TSMC, Samsung et GlobalFoundries occupent respectivement les trois premiers rangs. Même si la part de marché de TSMC atteint 48,1%, son chiffre d’affaires au 1er trimestre devrait s’effondrer de près de 18% par rapport au 1er trimestre 2018.

Pour expliquer cette conjoncture néfaste, TrendForce blâme, outre la saisonnalité des ventes, la baisse de la demande de produits grand public, les niveaux de stocks plutôt élevés, la baisse de la demande sur le marché automobile, la pénurie de processeurs Intel et le ralentissement de la croissance économique chinoise exacerbé par les tensions commerciales entre les États-Unis et la Chine. Le cabinet d’études taïwanais estime que le marché mondial des prestations de fonderie avoisinera les 70 milliards de dollars en 2019. Cependant, si la situation politico-économique ne s’améliore pas sensiblement au premier semestre, TrendForce n’exclut pas la possibilité de revoir sa prévision à la baisse.

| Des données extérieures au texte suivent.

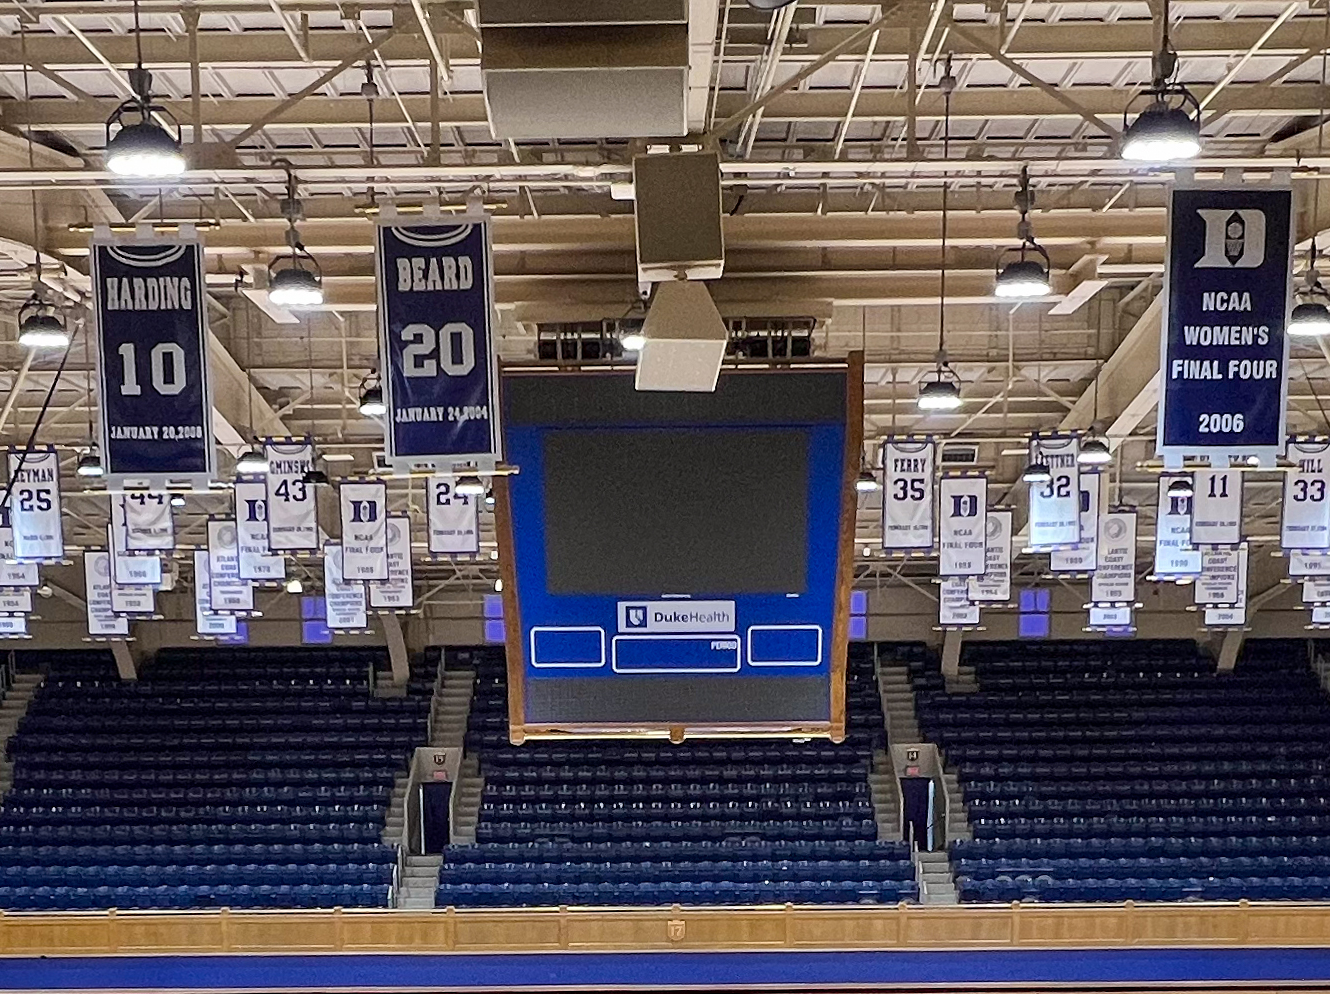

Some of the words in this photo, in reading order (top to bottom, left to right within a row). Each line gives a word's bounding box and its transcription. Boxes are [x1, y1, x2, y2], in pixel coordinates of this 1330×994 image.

Selon TrendForce, la dynamique de développement des procédés de production avancés a été ralentie en raison de l’affaiblissement de la demande sur la plupart des marchés finaux, y compris les smartphones. Ainsi, au premier trimestre, la baisse d’activité aura été généralisée concernant les prestations de fonderie sur tranches de 300 mm de diamètre. En revanche, pour les process plus matures sur tranches de 200 mm de diamètre, la conjoncture est moins critique, comme en témoignent les croissances, certes faibles, atteintes sur ce créneau par des fondeurs de second rang comme TowerJazz, Vanguard, Hua Hong, Dongbu HiTek, etc.